---------- RECORDED DATA

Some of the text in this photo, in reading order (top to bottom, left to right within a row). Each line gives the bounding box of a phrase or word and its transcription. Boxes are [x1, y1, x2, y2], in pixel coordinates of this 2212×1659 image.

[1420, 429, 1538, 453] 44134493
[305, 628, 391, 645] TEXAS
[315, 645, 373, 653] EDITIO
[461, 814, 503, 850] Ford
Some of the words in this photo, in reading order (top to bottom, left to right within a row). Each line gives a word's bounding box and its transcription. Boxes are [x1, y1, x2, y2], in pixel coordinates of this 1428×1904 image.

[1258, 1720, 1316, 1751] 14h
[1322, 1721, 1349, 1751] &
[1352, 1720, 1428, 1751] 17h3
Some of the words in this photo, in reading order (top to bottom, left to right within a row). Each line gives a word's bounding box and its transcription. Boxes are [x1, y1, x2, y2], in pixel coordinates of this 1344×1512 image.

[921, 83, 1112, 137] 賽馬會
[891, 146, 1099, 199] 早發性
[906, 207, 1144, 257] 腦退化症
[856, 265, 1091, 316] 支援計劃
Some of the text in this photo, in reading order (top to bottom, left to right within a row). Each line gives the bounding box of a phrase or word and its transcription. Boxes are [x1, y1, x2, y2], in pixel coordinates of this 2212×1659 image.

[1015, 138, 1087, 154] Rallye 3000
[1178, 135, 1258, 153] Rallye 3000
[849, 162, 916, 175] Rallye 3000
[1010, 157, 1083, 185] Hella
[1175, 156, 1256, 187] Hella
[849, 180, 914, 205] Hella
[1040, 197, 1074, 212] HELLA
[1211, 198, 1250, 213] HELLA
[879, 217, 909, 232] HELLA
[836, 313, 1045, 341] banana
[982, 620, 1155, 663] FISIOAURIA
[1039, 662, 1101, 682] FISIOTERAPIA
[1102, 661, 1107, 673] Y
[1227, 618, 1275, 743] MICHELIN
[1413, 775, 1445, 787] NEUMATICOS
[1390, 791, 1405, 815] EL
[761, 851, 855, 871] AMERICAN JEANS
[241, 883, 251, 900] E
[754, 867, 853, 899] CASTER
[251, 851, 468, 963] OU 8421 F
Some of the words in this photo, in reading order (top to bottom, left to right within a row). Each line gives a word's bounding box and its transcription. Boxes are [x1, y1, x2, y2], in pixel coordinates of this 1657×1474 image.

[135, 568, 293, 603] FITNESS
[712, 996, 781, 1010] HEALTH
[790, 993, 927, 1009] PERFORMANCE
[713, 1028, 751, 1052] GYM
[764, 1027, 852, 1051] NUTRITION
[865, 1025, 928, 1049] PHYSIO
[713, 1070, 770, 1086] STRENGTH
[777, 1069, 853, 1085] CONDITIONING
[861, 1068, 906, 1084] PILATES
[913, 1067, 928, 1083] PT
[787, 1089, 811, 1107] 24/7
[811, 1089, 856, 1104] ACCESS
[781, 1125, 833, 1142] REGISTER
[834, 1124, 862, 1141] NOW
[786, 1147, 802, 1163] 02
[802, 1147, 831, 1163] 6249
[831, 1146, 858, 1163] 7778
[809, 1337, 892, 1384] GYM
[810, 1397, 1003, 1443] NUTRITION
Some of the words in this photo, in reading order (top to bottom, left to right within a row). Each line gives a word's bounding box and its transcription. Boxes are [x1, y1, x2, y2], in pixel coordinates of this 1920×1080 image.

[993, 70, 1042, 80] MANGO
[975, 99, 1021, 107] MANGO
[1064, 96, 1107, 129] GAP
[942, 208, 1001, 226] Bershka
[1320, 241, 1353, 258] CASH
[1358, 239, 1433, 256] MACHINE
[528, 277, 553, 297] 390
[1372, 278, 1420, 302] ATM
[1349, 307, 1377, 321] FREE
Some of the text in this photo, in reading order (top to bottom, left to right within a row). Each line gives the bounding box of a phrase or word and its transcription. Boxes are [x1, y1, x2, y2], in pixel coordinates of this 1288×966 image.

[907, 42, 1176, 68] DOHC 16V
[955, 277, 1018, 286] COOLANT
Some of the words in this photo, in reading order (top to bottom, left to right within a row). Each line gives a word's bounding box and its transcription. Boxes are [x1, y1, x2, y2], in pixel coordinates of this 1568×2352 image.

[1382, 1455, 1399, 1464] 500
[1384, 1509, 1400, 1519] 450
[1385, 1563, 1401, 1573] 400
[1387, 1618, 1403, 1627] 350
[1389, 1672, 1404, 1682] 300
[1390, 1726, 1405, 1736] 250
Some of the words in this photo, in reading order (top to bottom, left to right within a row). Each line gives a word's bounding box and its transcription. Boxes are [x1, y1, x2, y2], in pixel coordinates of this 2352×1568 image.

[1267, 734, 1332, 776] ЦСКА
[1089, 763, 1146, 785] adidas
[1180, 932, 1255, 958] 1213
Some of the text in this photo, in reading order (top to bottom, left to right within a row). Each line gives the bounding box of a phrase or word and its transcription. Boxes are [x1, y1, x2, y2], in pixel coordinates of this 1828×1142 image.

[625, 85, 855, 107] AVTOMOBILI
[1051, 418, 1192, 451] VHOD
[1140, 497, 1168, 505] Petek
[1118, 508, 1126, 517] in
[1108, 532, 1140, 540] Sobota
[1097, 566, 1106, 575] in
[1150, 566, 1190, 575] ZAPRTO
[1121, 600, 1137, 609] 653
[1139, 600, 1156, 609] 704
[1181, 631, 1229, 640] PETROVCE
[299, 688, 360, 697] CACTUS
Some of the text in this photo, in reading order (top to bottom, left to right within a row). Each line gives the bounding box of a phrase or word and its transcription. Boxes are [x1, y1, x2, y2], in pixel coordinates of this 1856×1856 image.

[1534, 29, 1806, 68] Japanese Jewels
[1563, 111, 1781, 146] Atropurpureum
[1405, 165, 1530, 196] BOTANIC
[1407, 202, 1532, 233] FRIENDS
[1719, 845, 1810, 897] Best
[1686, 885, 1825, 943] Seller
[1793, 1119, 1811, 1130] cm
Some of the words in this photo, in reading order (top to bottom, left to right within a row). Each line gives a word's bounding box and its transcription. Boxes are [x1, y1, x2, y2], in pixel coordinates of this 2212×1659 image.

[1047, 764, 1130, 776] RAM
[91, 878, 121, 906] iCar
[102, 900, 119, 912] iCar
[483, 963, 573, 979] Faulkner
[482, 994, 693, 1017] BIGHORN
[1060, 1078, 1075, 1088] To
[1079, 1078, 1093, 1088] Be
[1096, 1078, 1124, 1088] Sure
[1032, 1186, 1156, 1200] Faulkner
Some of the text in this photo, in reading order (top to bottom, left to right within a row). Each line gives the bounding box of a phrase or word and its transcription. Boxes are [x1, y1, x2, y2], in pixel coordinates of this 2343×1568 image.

--------------------

> **TASK TO CARRY OUT**
Write all of the records out exactly, including every line.

> **SOLUTION TO THIS TASK**
Some of the text in this photo, in reading order (top to bottom, left to right within a row). Each line gives the bounding box of a phrase or word and its transcription. Boxes are [x1, y1, x2, y2], in pixel coordinates of this 2212×1659 image.

[1420, 429, 1538, 453] 44134493
[305, 628, 391, 645] TEXAS
[315, 645, 373, 653] EDITIO
[461, 814, 503, 850] Ford
Some of the words in this photo, in reading order (top to bottom, left to right within a row). Each line gives a word's bounding box and its transcription. Boxes are [x1, y1, x2, y2], in pixel coordinates of this 1428×1904 image.

[1258, 1720, 1316, 1751] 14h
[1322, 1721, 1349, 1751] &
[1352, 1720, 1428, 1751] 17h3
Some of the words in this photo, in reading order (top to bottom, left to right within a row). Each line gives a word's bounding box and its transcription. Boxes are [x1, y1, x2, y2], in pixel coordinates of this 1344×1512 image.

[921, 83, 1112, 137] 賽馬會
[891, 146, 1099, 199] 早發性
[906, 207, 1144, 257] 腦退化症
[856, 265, 1091, 316] 支援計劃
Some of the text in this photo, in reading order (top to bottom, left to right within a row). Each line gives the bounding box of a phrase or word and its transcription. Boxes are [x1, y1, x2, y2], in pixel coordinates of this 2212×1659 image.

[1015, 138, 1087, 154] Rallye 3000
[1178, 135, 1258, 153] Rallye 3000
[849, 162, 916, 175] Rallye 3000
[1010, 157, 1083, 185] Hella
[1175, 156, 1256, 187] Hella
[849, 180, 914, 205] Hella
[1040, 197, 1074, 212] HELLA
[1211, 198, 1250, 213] HELLA
[879, 217, 909, 232] HELLA
[836, 313, 1045, 341] banana
[982, 620, 1155, 663] FISIOAURIA
[1039, 662, 1101, 682] FISIOTERAPIA
[1102, 661, 1107, 673] Y
[1227, 618, 1275, 743] MICHELIN
[1413, 775, 1445, 787] NEUMATICOS
[1390, 791, 1405, 815] EL
[761, 851, 855, 871] AMERICAN JEANS
[241, 883, 251, 900] E
[754, 867, 853, 899] CASTER
[251, 851, 468, 963] OU 8421 F
Some of the words in this photo, in reading order (top to bottom, left to right within a row). Each line gives a word's bounding box and its transcription. Boxes are [x1, y1, x2, y2], in pixel coordinates of this 1657×1474 image.

[135, 568, 293, 603] FITNESS
[712, 996, 781, 1010] HEALTH
[790, 993, 927, 1009] PERFORMANCE
[713, 1028, 751, 1052] GYM
[764, 1027, 852, 1051] NUTRITION
[865, 1025, 928, 1049] PHYSIO
[713, 1070, 770, 1086] STRENGTH
[777, 1069, 853, 1085] CONDITIONING
[861, 1068, 906, 1084] PILATES
[913, 1067, 928, 1083] PT
[787, 1089, 811, 1107] 24/7
[811, 1089, 856, 1104] ACCESS
[781, 1125, 833, 1142] REGISTER
[834, 1124, 862, 1141] NOW
[786, 1147, 802, 1163] 02
[802, 1147, 831, 1163] 6249
[831, 1146, 858, 1163] 7778
[809, 1337, 892, 1384] GYM
[810, 1397, 1003, 1443] NUTRITION
Some of the words in this photo, in reading order (top to bottom, left to right within a row). Each line gives a word's bounding box and its transcription. Boxes are [x1, y1, x2, y2], in pixel coordinates of this 1920×1080 image.

[993, 70, 1042, 80] MANGO
[975, 99, 1021, 107] MANGO
[1064, 96, 1107, 129] GAP
[942, 208, 1001, 226] Bershka
[1320, 241, 1353, 258] CASH
[1358, 239, 1433, 256] MACHINE
[528, 277, 553, 297] 390
[1372, 278, 1420, 302] ATM
[1349, 307, 1377, 321] FREE
Some of the text in this photo, in reading order (top to bottom, left to right within a row). Each line gives the bounding box of a phrase or word and its transcription. Boxes are [x1, y1, x2, y2], in pixel coordinates of this 1288×966 image.

[907, 42, 1176, 68] DOHC 16V
[955, 277, 1018, 286] COOLANT
Some of the words in this photo, in reading order (top to bottom, left to right within a row). Each line gives a word's bounding box and its transcription. Boxes are [x1, y1, x2, y2], in pixel coordinates of this 1568×2352 image.

[1382, 1455, 1399, 1464] 500
[1384, 1509, 1400, 1519] 450
[1385, 1563, 1401, 1573] 400
[1387, 1618, 1403, 1627] 350
[1389, 1672, 1404, 1682] 300
[1390, 1726, 1405, 1736] 250
Some of the words in this photo, in reading order (top to bottom, left to right within a row). Each line gives a word's bounding box and its transcription. Boxes are [x1, y1, x2, y2], in pixel coordinates of this 2352×1568 image.

[1267, 734, 1332, 776] ЦСКА
[1089, 763, 1146, 785] adidas
[1180, 932, 1255, 958] 1213
Some of the text in this photo, in reading order (top to bottom, left to right within a row). Each line gives the bounding box of a phrase or word and its transcription. Boxes are [x1, y1, x2, y2], in pixel coordinates of this 1828×1142 image.

[625, 85, 855, 107] AVTOMOBILI
[1051, 418, 1192, 451] VHOD
[1140, 497, 1168, 505] Petek
[1118, 508, 1126, 517] in
[1108, 532, 1140, 540] Sobota
[1097, 566, 1106, 575] in
[1150, 566, 1190, 575] ZAPRTO
[1121, 600, 1137, 609] 653
[1139, 600, 1156, 609] 704
[1181, 631, 1229, 640] PETROVCE
[299, 688, 360, 697] CACTUS
Some of the text in this photo, in reading order (top to bottom, left to right within a row). Each line gives the bounding box of a phrase or word and its transcription. Boxes are [x1, y1, x2, y2], in pixel coordinates of this 1856×1856 image.

[1534, 29, 1806, 68] Japanese Jewels
[1563, 111, 1781, 146] Atropurpureum
[1405, 165, 1530, 196] BOTANIC
[1407, 202, 1532, 233] FRIENDS
[1719, 845, 1810, 897] Best
[1686, 885, 1825, 943] Seller
[1793, 1119, 1811, 1130] cm
Some of the words in this photo, in reading order (top to bottom, left to right within a row). Each line gives a word's bounding box and its transcription. Boxes are [x1, y1, x2, y2], in pixel coordinates of this 2212×1659 image.

[1047, 764, 1130, 776] RAM
[91, 878, 121, 906] iCar
[102, 900, 119, 912] iCar
[483, 963, 573, 979] Faulkner
[482, 994, 693, 1017] BIGHORN
[1060, 1078, 1075, 1088] To
[1079, 1078, 1093, 1088] Be
[1096, 1078, 1124, 1088] Sure
[1032, 1186, 1156, 1200] Faulkner
Some of the text in this photo, in reading order (top to bottom, left to right within a row). Each line gives the bounding box of a phrase or word and its transcription. Boxes are [x1, y1, x2, y2], in pixel coordinates of this 2343×1568 image.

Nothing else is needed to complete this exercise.